__Aim of the exercise__: Omit all pictures and give the records below again exactly as written.

(Supplied records begins)

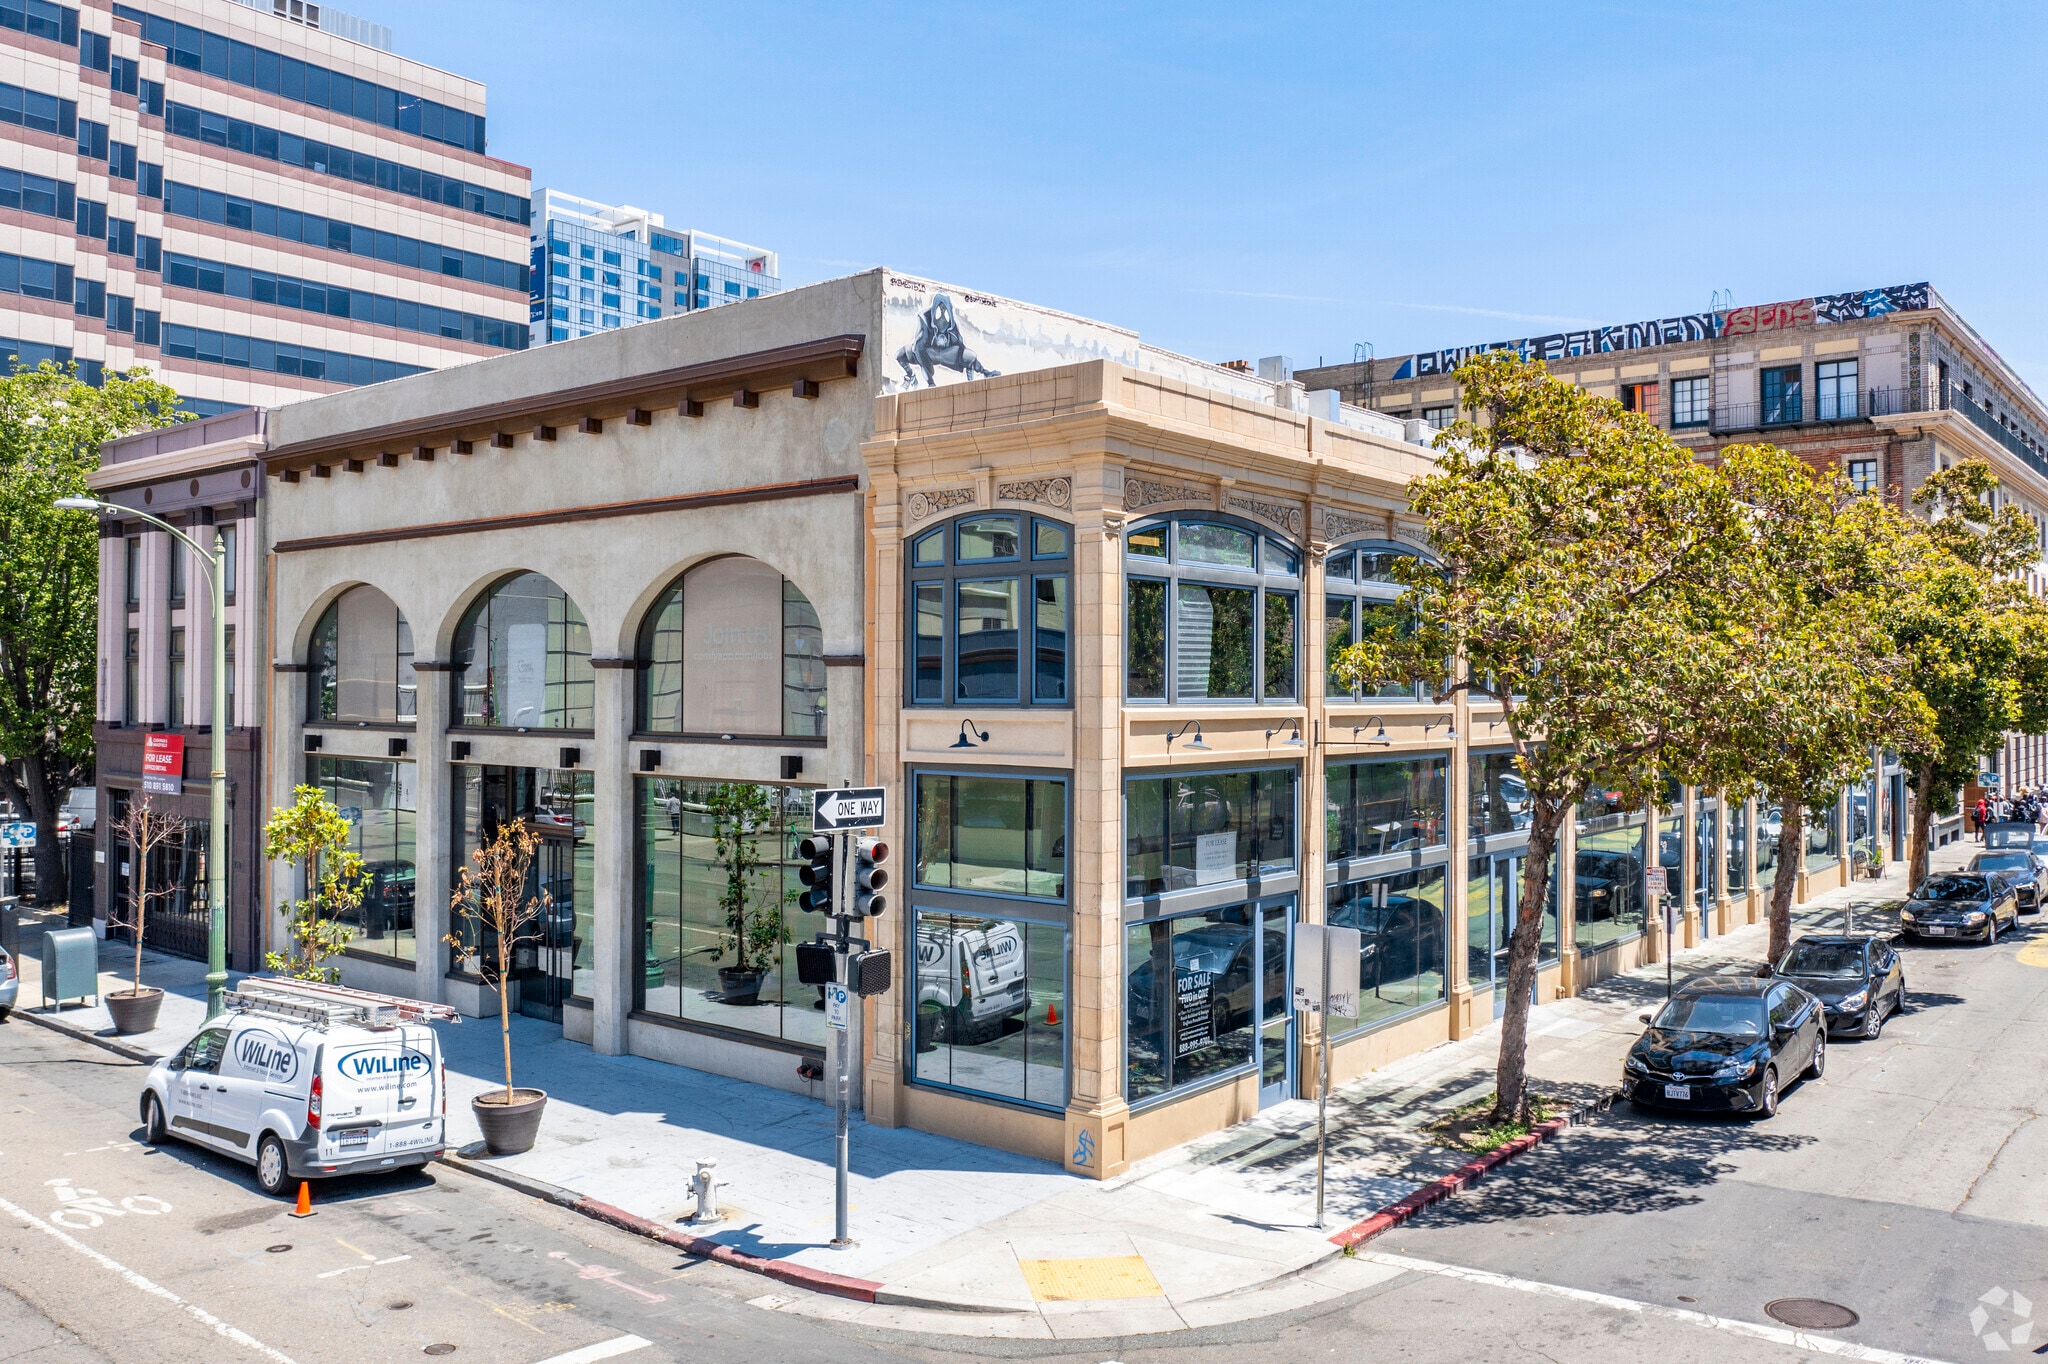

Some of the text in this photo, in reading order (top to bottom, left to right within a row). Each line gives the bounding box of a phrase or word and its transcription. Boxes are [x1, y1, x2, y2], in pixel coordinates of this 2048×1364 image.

[145, 753, 172, 764] FOR LEASE
[837, 798, 880, 816] ONE WAY
[1177, 972, 1211, 993] FOR SALE
[357, 1081, 417, 1093] www.wiline.com
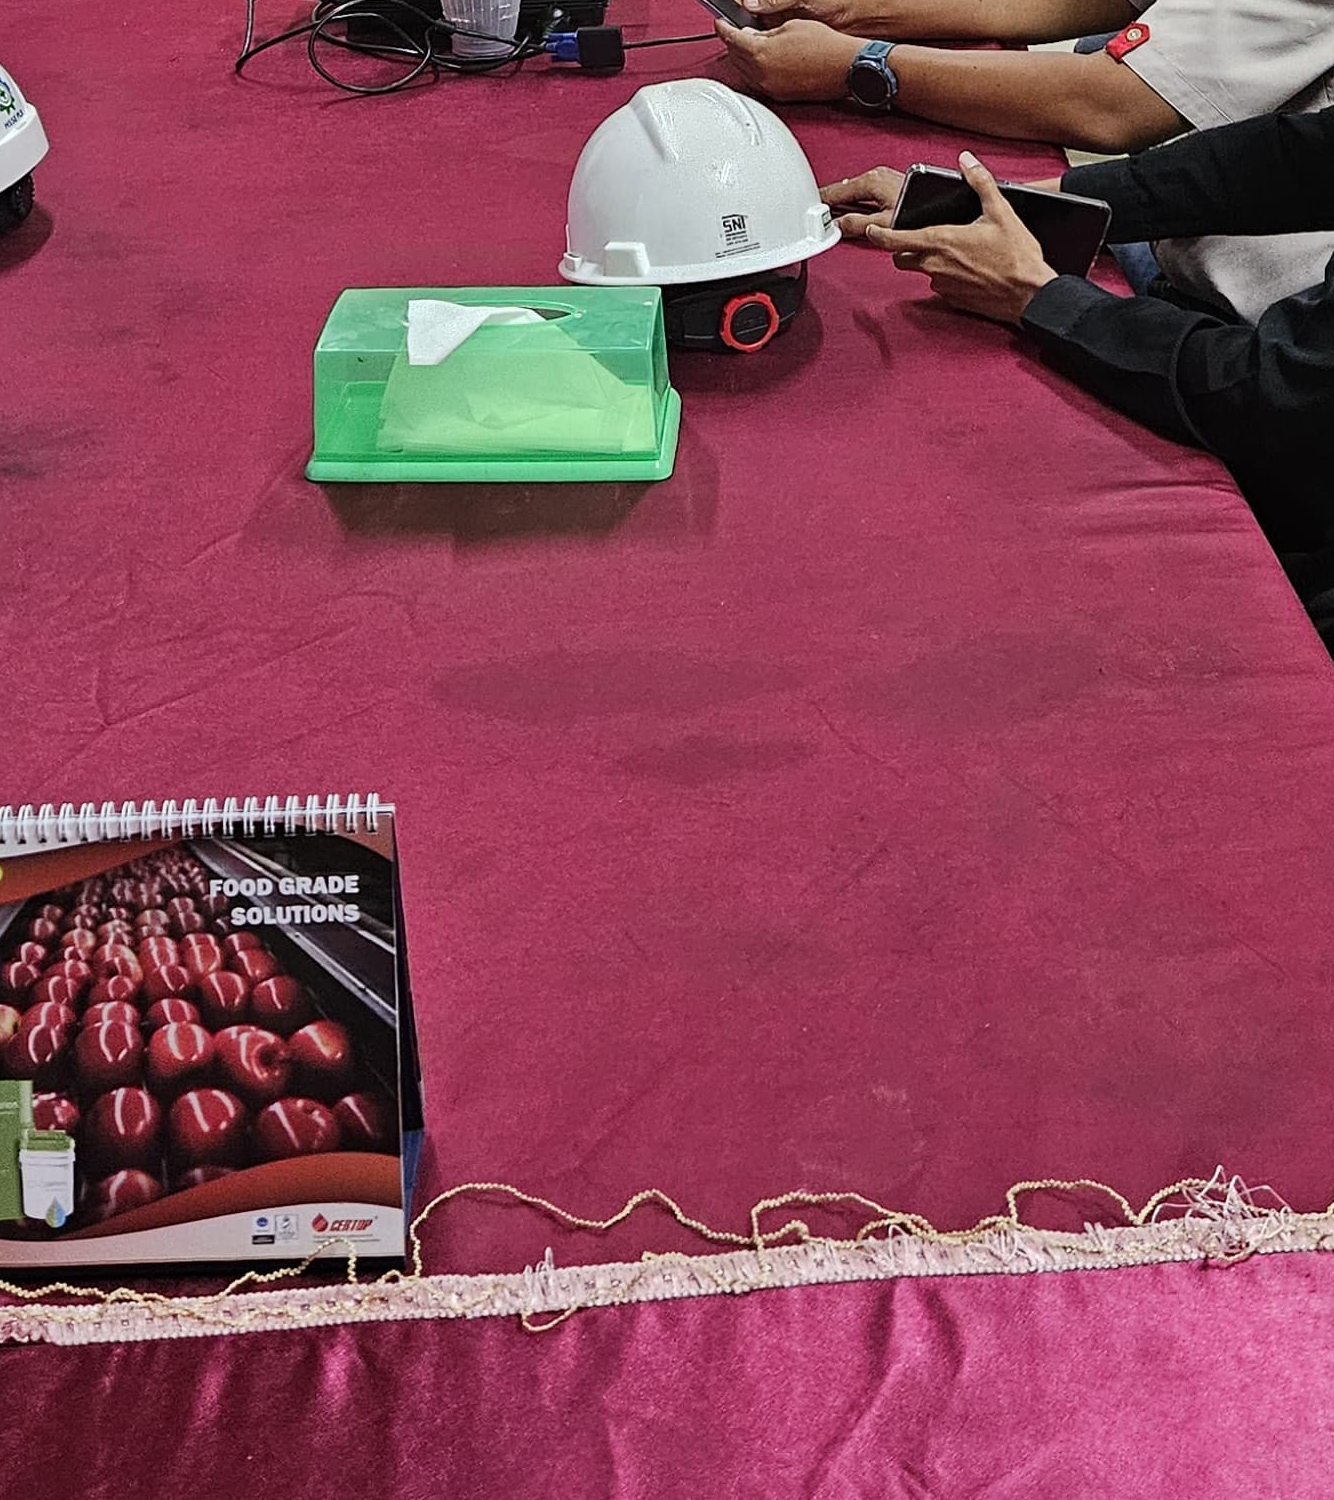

(Supplied records ends)

__Exercise response__:
Some of the text in this photo, in reading order (top to bottom, left to right within a row). Each line gives the bounding box of a phrase or word and its transcription. Boxes are [x1, y1, x2, y2], in pixel coordinates of this 2048×1364 image.

[145, 753, 172, 764] FOR LEASE
[837, 798, 880, 816] ONE WAY
[1177, 972, 1211, 993] FOR SALE
[357, 1081, 417, 1093] www.wiline.com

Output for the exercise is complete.